Don't Be Fooled by Charm Campaign: Biden Administration Must Hold Line on Huawei

Heritage Research Fellow Dustin Carmack writes that the Chinese telecom giant Huawei has initiated a charm campaign in recent weeks to convince the Biden administration to be more accommodating toward the company. To safeguard American national security, the Biden administration must not take the bait. 

Among Huawei’s increased lobbying activities in the U.S. is the hiring of longtime Washington lobbyist Tony Podesta. It’s senior vice president, Vincent Peng, even penned a column in the Japanese-based publication Nikkei Asia, titled “Huawei to Joe Biden: Let’s Talk,” in which he implored the administration to engage with Huawei.

The fact of the matter is that Huawei continues to pose a significant national security threat to the U.S. and its allies. Despite Huawei’s claims to the contrary, it maintains extensive ties to the Chinese government. Huawei benefits from massive Chinese government ;subsidies and low-interest loans, which Chinese state banks provide to other countries to use the company’s telecom equipment.

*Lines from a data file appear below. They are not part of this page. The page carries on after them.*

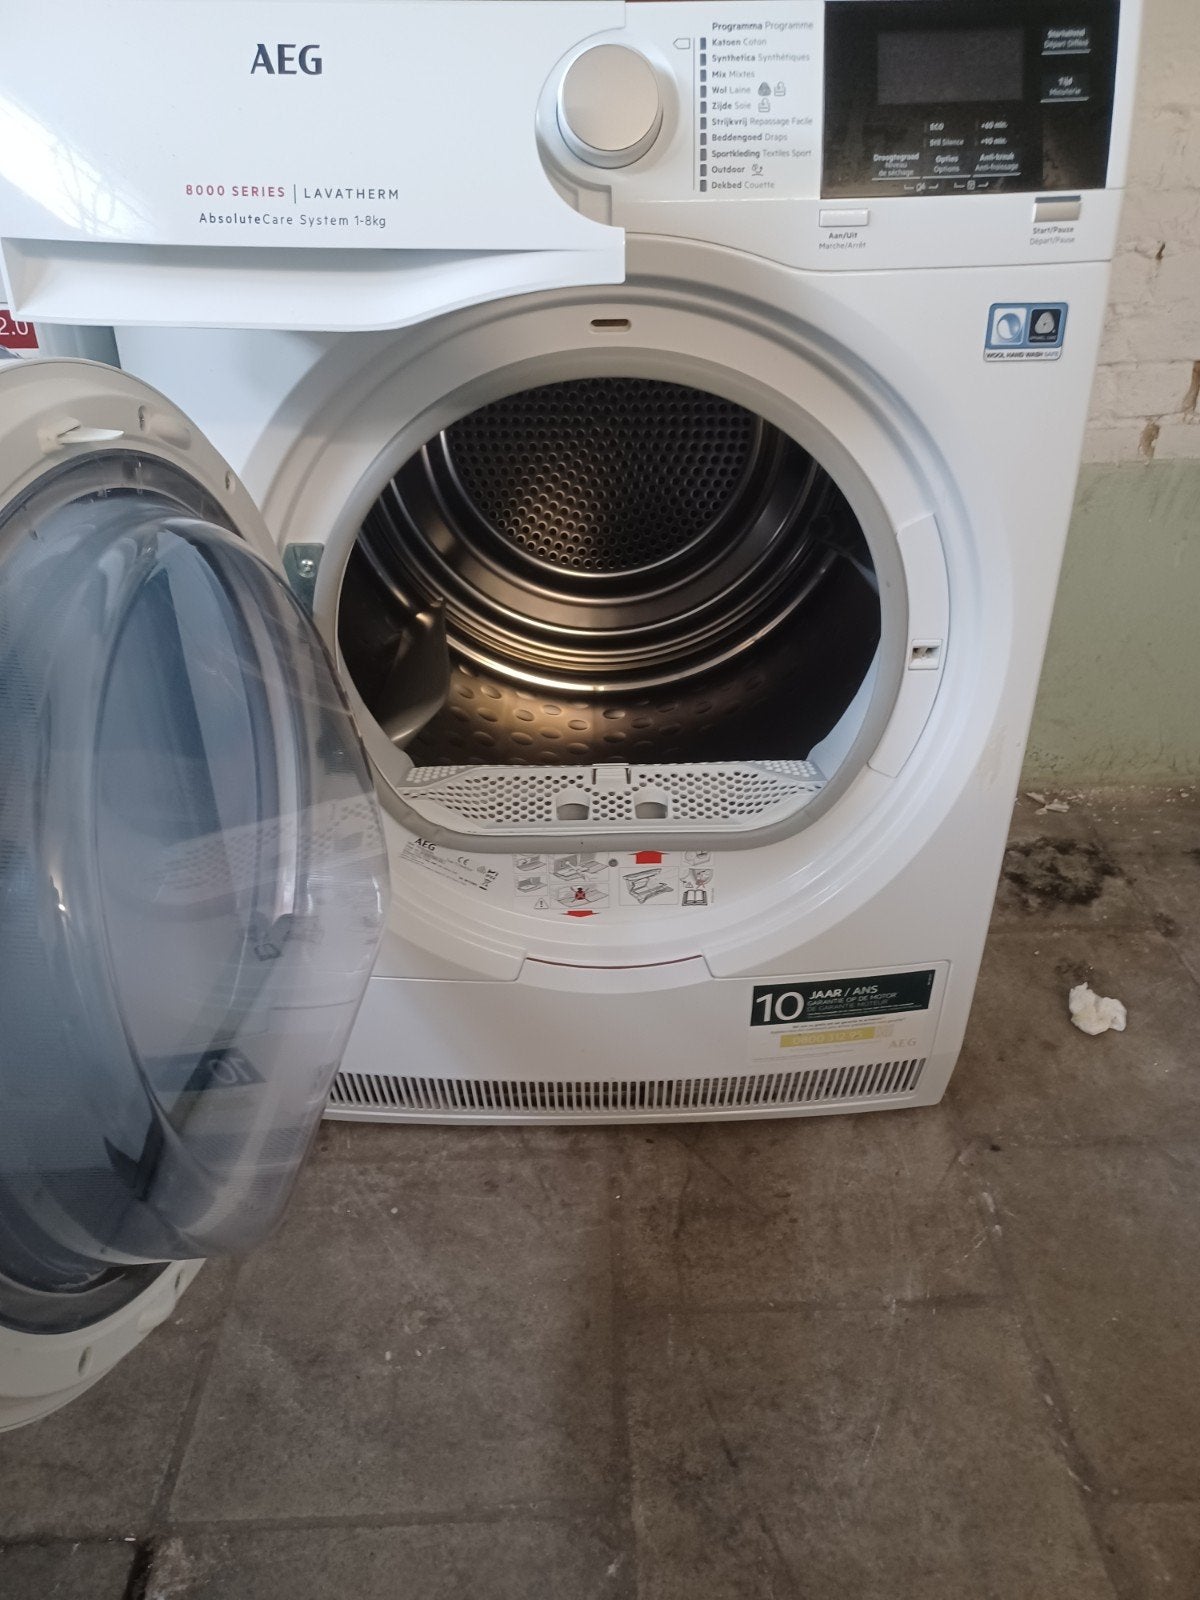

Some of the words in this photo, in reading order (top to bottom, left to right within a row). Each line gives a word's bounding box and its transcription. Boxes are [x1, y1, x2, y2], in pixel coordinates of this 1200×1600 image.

[712, 22, 763, 32] Programma
[764, 21, 814, 32] Programme
[712, 38, 741, 46] Katoen
[742, 38, 767, 46] Coton
[250, 43, 323, 75] AEG
[712, 53, 756, 63] Synthetica
[712, 70, 727, 78] Mix
[728, 70, 755, 78] Mixtes
[712, 86, 727, 94] Wol
[729, 86, 751, 94] Laine
[712, 102, 732, 111] Zijde
[734, 102, 752, 110] Soie
[712, 117, 748, 127] Strijkvrij
[749, 117, 790, 126] Repassage
[791, 117, 813, 126] Facile
[712, 133, 763, 142] Beddengoed
[764, 133, 788, 142] Draps
[712, 149, 760, 159] Sportkleding
[762, 148, 790, 158] Textiles
[791, 148, 812, 158] Sport
[711, 165, 745, 174] Outdoor
[711, 181, 742, 190] Dekbed
[744, 181, 775, 190] Couette
[185, 184, 225, 196] 8000
[232, 186, 285, 198] SERIES
[303, 188, 400, 201] LAVATHERM
[199, 212, 293, 225] AbsoluteCare
[299, 214, 349, 228] System
[355, 215, 386, 229] 1-8kg
[1032, 226, 1075, 235] Start/Pause
[828, 232, 858, 240] Aan/Uit
[414, 837, 437, 852] AEG
[809, 989, 843, 1000] JAAR
[852, 985, 879, 995] ANS
[807, 998, 845, 1006] GARANTIE
[869, 992, 898, 1000] MOTOR
[756, 991, 805, 1022] 10
[888, 1038, 917, 1049] AEG

In addition, Huawei has worked closely with China’s military, the People’s Liberation Army, on high-tech research projects.

Under Chinese law, Huawei would be required to assist the country’s intelligence and security services if asked to do so. Article 14 of China’s 2017 National Intelligence Law stipulates that “the state intelligence work organization shall carry out intelligence work according to law, and may require relevant organs, organizations and citizens to provide necessary support, assistance and cooperation.” Article 7 of the same law ominously states that “any organization or citizen shall support, assist and cooperate with the state intelligence work in accordance with the law.” This law essentially forces supposedly private Chinese companies such as Huawei to act as data-collecting arms of the Chinese Communist Party.

The equipment and products offered by Huawei have also been shown to contain vulnerabilities that can be exploited for nefarious purposes. In February 2020, The Wall Street Journal reported that the U.S. was in possession of intelligence showing that Huawei equipment allows the company to maintain unauthorized access to mobile phone networks. Similarly, the British telecom company Vodafone also previously discovered backdoors in Huawei products. Moreover, the U.K.’s National Cyber Security Centre has noted that Huawei’s products contain significant technical vulnerabilities and are of lower quality.

Huawei has also shown a complete disregard for the laws of other nations. In January 2019, the Department of Justice unsealed an indictment against Huawei and its chief financial officer, Meng Wanzhou, for bank fraud and violating U.S. sanctions against Iran. In February 2020, Huawei was indicted in the Eastern District of New York on charges of racketeering and conspiracy to steal trade secrets. This indictment alleged in part that Huawei engaged in intellectual property theft against six U.S. technology companies, and detailed Huawei’s business activities in both North Korea and Iran.

Although the Biden administration’s overall China and technology strategies remain unclear, it has thus far largely maintained the Trump administration’s hard-line approach toward Huawei. In March, the administration strengthened export licenses for companies that supply 5G components to Huawei. In June, President Joe Biden signed an executive order expanding prohibitions imposed by the Trump administration on U.S. investment in Chinese companies, including Huawei, that supply China’s military and sell surveillance technology. The administration has also been pressuring the United Arab Emirates to remove Huawei equipment from its networks, and is working to expand outreach to developing countries to assist in the construction of 5G networks without technology from Chinese companies.

In the coming months, it is likely that powerful and connected lobbyists working on Huawei’s behalf will attempt to woo the Biden administration. The most solemn duty of any presidential administration is to protect American national security. As such, the Biden administration must reject these lobbying efforts and hold the line on Huawei.